These are truly mind-boggling statements, and I hardly know where to even start here. First, migrating a spreadsheet to an image format like TIFF would result in the loss of most of the information of the source document, including all coded text and numbers. This would break machine-readability, and would also make the data values inaccessible to visually impaired users. Most of the functionality of the source file would be lost as well, such as the ability to navigate and access individual cells, rows and columns, search and filter cell values, and copy content, to name but a few. These objections apply to PDF/A as well (albeit to a somewhat lesser degree). I already addressed this in my 2016 post on PDF/A as a preferred, sustainable format for spreadsheets (which, incidentally, is even cited in the report). Statements like these show a fundamental lack of understanding of digital information and file formats, and I’m surprised (and frankly a bit shocked) to find them in a contemporary report by digital preservation professionals2.
On “complex” spreadsheets, the authors note that (page 11):
Migrating to non-spreadsheet formats could cause severe information loss.
While this is of course true, this largely applies to “simple” spreadsheets as well. Also, migrating to other spreadsheet formats could result in information loss as well.

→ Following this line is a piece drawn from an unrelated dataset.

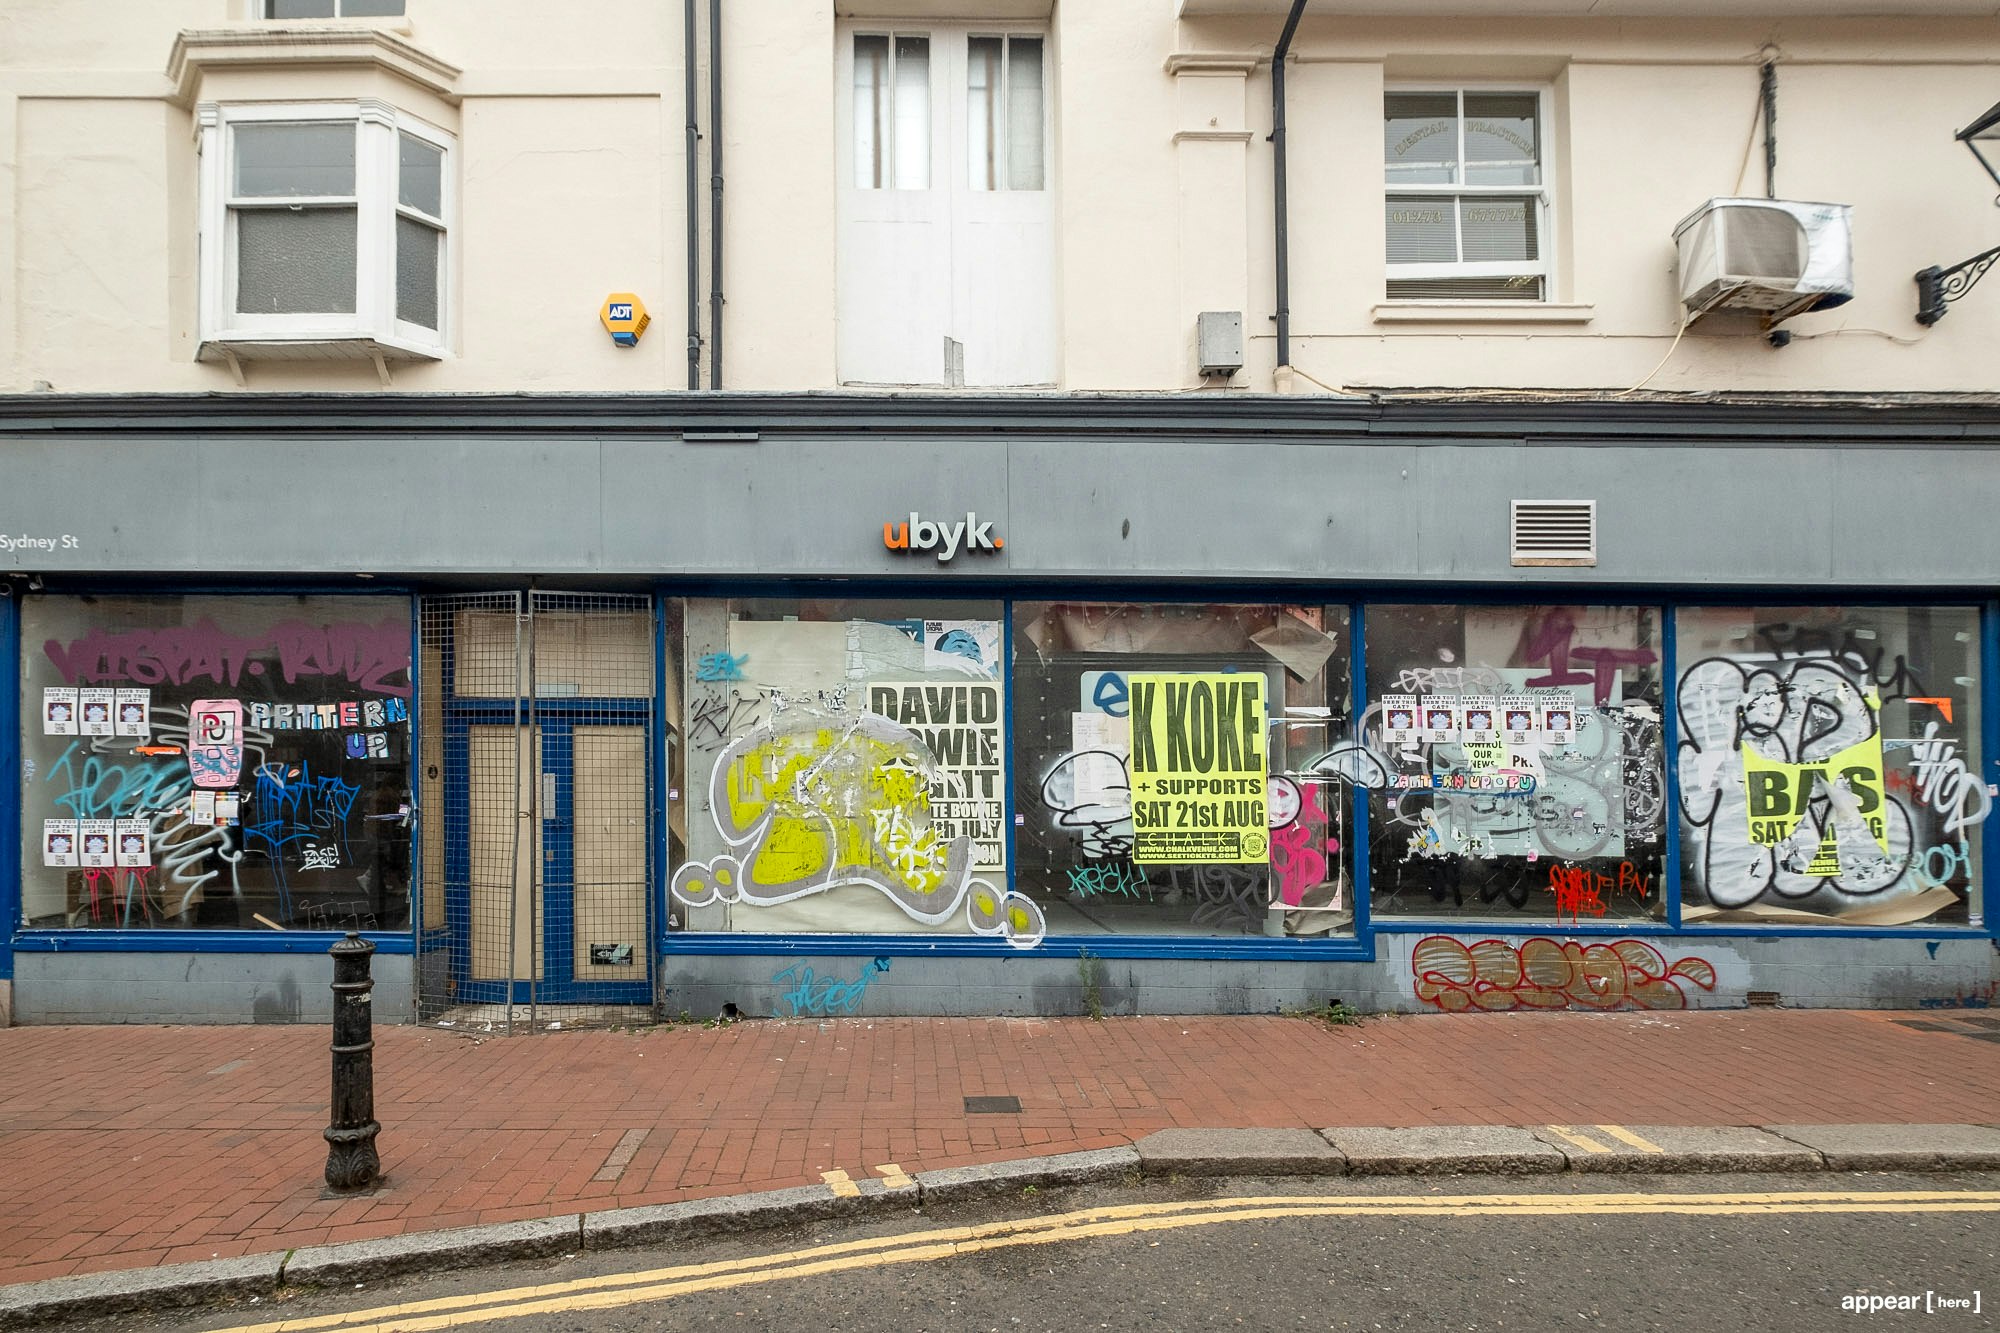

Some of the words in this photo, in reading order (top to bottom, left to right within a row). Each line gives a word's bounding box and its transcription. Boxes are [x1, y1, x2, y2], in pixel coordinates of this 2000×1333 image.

Identification of significant properties
The main outcome of the work is a categorised list of “significant properties” of spreadsheets. The authors arrived at this by adapting the methodology from the InSPECT project. I found the description of the InSPECT methodology and its application to spreadsheets in the AIG report quite hard to follow in places, so in this section I’ll attempt to provide a brief (and somewhat simplified) summary.
The InSPECT methodology involves two main components. The first one is the “object analysis”. The overall objective here is the compilation of an extensive list of spreadsheet properties, based on sample files, characterisation tools and technical specifications. These were then categorised into “property groups”. Subsequently, the “property groups” were linked to expected “user behaviours” (e.g. “View data in cells”), which were classified into more generic “functions”. The associations between functions, behaviours and property groups are visualised in what the authors call the “spaghetti diagram”, which can be viewed here.

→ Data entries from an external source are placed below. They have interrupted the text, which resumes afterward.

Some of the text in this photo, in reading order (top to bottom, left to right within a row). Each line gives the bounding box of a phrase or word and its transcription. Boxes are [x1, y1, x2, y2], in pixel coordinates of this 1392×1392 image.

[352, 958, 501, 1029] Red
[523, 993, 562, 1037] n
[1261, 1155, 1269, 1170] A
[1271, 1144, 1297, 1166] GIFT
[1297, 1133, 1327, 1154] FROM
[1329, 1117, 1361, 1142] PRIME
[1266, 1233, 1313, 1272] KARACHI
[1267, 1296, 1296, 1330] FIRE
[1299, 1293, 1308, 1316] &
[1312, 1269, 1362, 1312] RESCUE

A particularly interesting strand of the object analysis work, was the development of a Spreadsheet Complexity Analyser. This is a tool that classifies Microsoft Excel spreadsheets (both XLS and XLSX) as “simple” or “complex”, based on extracted document- and cell-level properties (which can be reported as well).
The second component is a “stakeholder analysis”. Here, the authors presented the properties and property groups from the object analysis to various types of stakeholders (e.g. archivists, users), and asked them which properties they deemed “significant”.

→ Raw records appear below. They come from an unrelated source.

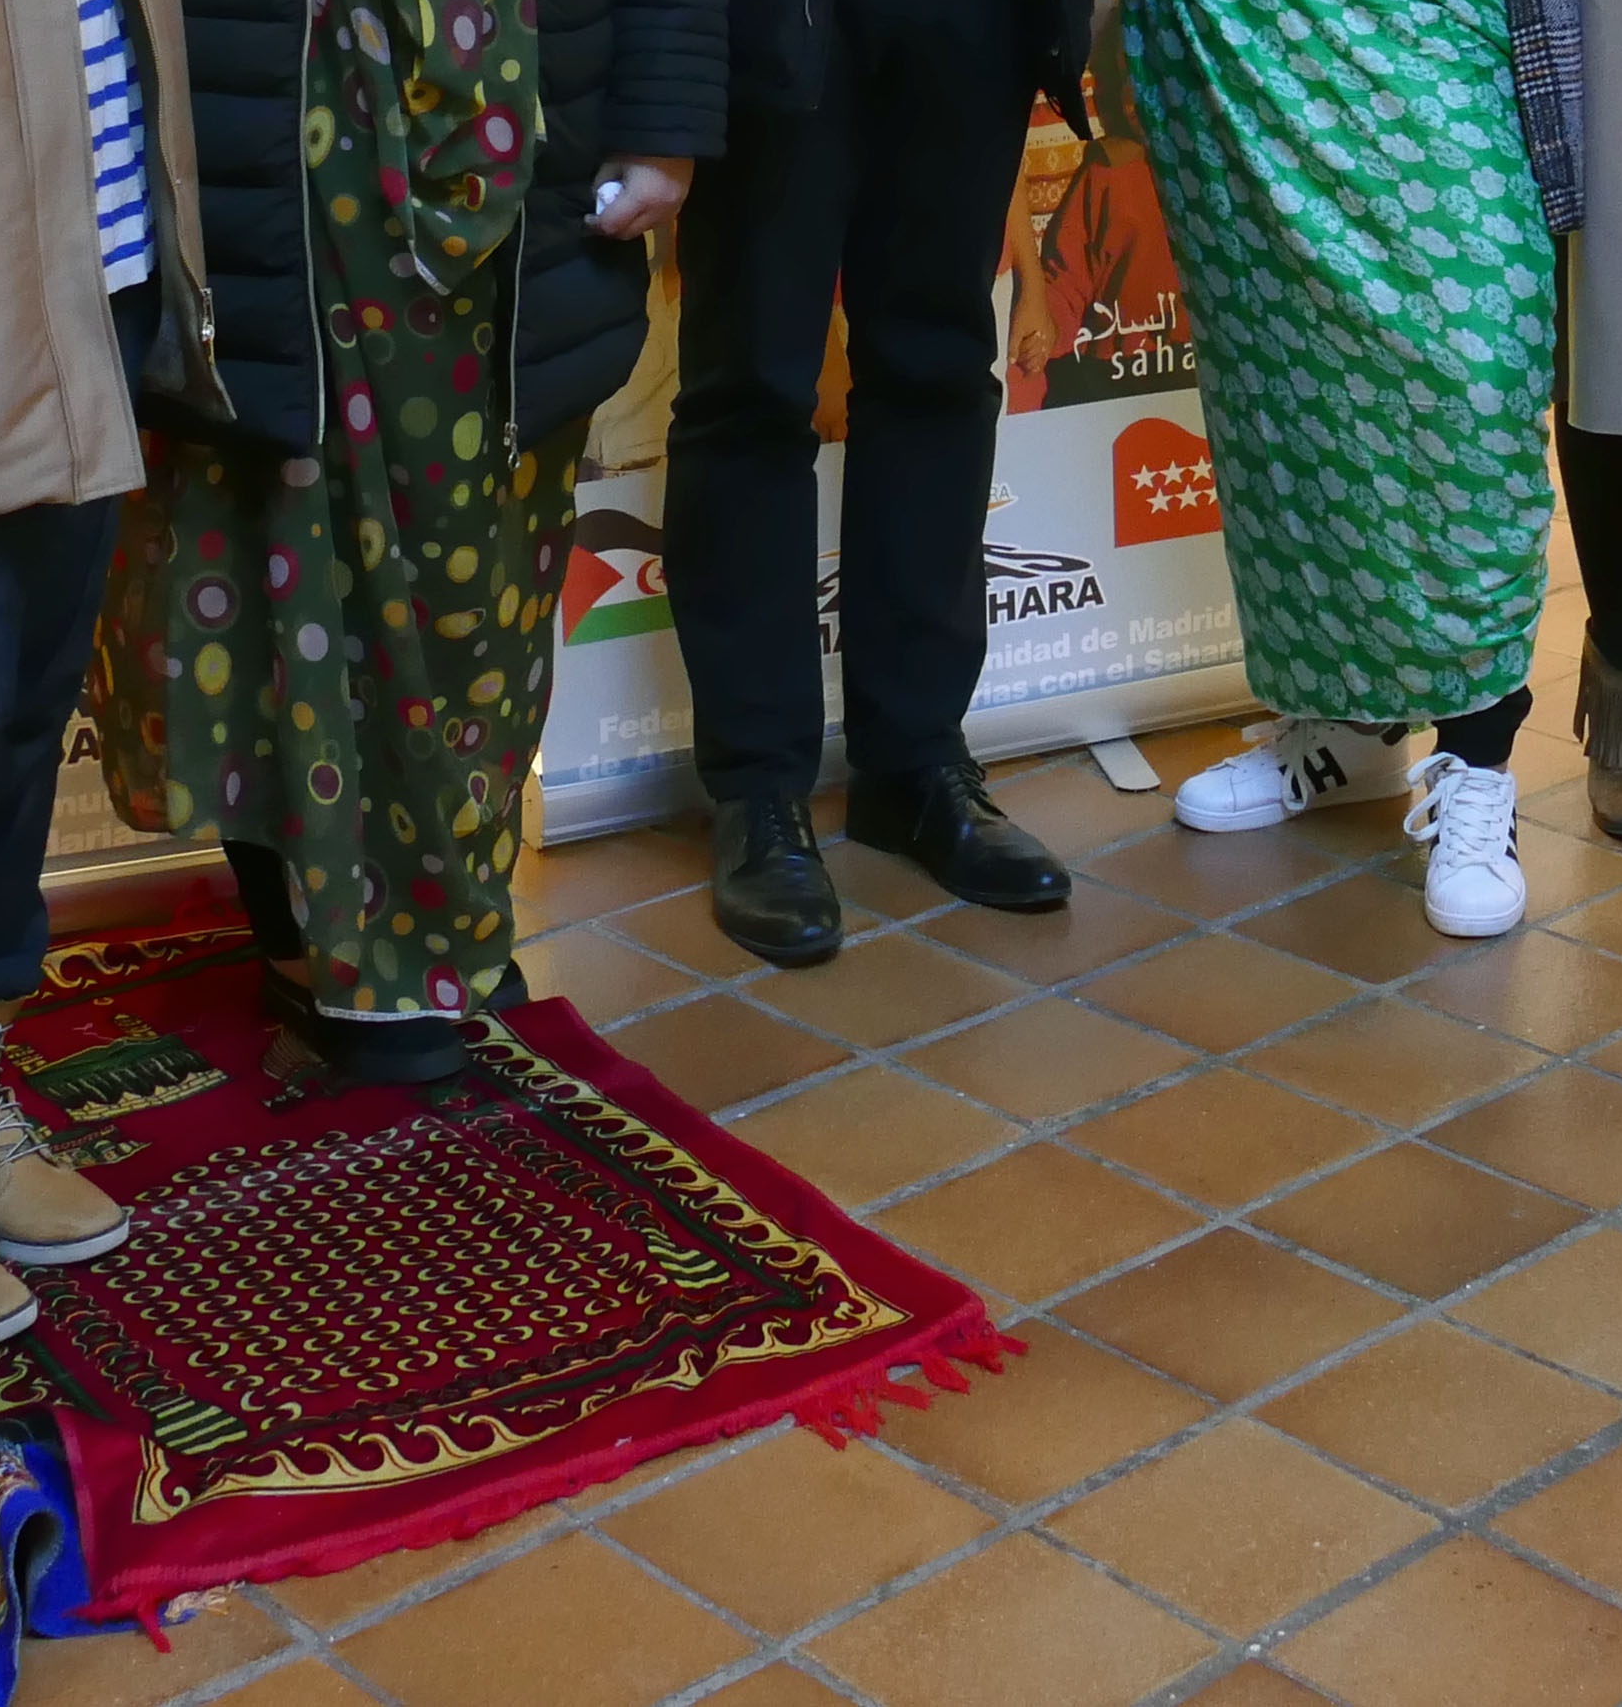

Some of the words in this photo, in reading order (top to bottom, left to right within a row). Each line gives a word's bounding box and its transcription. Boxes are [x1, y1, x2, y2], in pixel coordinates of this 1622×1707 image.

[1073, 290, 1177, 364] السلام
[1110, 335, 1197, 380] sáha
[988, 575, 1105, 625] HARA
[985, 633, 1071, 670] nidad
[1080, 627, 1119, 654] de
[1129, 603, 1233, 645] Madrid
[1039, 667, 1097, 695] con
[1105, 655, 1133, 681] el
[599, 708, 694, 744] Feder

The authors combined the results from the “object analysis” and the “stakeholder analysis”, which resulted in this list. Out of the 334 properties in the list, 105 were deemed “significant” by the stakeholders at the individual property level. At the property group level, only 15 out of the 38 property groups were deemed “significant”, which corresponds to 140 properties (i.e. all properties that are part of these 15 groups).
In the following sections I will comment on some things that caught my attention.
Specificity of properties
One thing that struck me while browsing the list of properties, is that some of the identified properties are very general and lack specificity. As an example, properties such as “Database Functions”, “Engineering Functions” and “Date and Time Functions” only describe broad categories of spreadsheet functions, but not the actual functions themselves. I don’t really understand the value of these categories within the context of validating preservation actions (which, after all, is ultimately the larger aim of this work). As an example, imagine we migrate an XLSX spreadsheet to ODS, and for some weird reason the WEEKDAY function is changed to YEAR. Both are “Date and Time Functions”, but the result of such a migration would still be nonsense. What we’d really like to know in this case, is whether the exact functions are preserved. Moreover, according to the Document Foundation Wiki both Excel and LibreOffice Calc and have some functions that are unique to each application (29 and 22, respectively). This is a potential source for information loss when migrating between their respective formats. A significant properties approach would only be able to account for such information losses if the properties are defined at the level of individual spreadsheet functions3.Needless to say, this would increase the number of properties to take into account considerably, and in the absence of any way to automate this it would also make things even more time consuming.
How to measure the properties
Related to this, the authors provide no explanation how any of the identified properties can be measured, and using what software. My best guess is that they used some spreadsheet application5. If this is indeed the case, how would one even start to do this at scale, with collections of thousands of spreadsheets? Again, the authors don’t even mention this. The Spreadsheet Complexity Analyser could be really useful here, and in fact, DNA tried this approach as part of the object analysis work (p. 19):
The Danish National Archives ran the SCA against about 16,000 Microsoft Excel spreadsheets (both binary formats and OOXML) to investigate the possible information loss when converting Excel spreadsheets to ODS. (…) The test showed that the conversion from XLS and XLSX to ODS and back to XLS and XLSX resulted in minimal data loss. Yet, data loss for significant structures such as cell typographies, fonts and hyperlinks were encountered.
However, the Spreadsheet Complexity Analyser is currently only able to extract 13 spreadsheet-specific properties6, which is only a fraction of all the properties that were deemed “significant”. So while this is an admirable start, it doesn’t even come close to what would be needed for any real-world application.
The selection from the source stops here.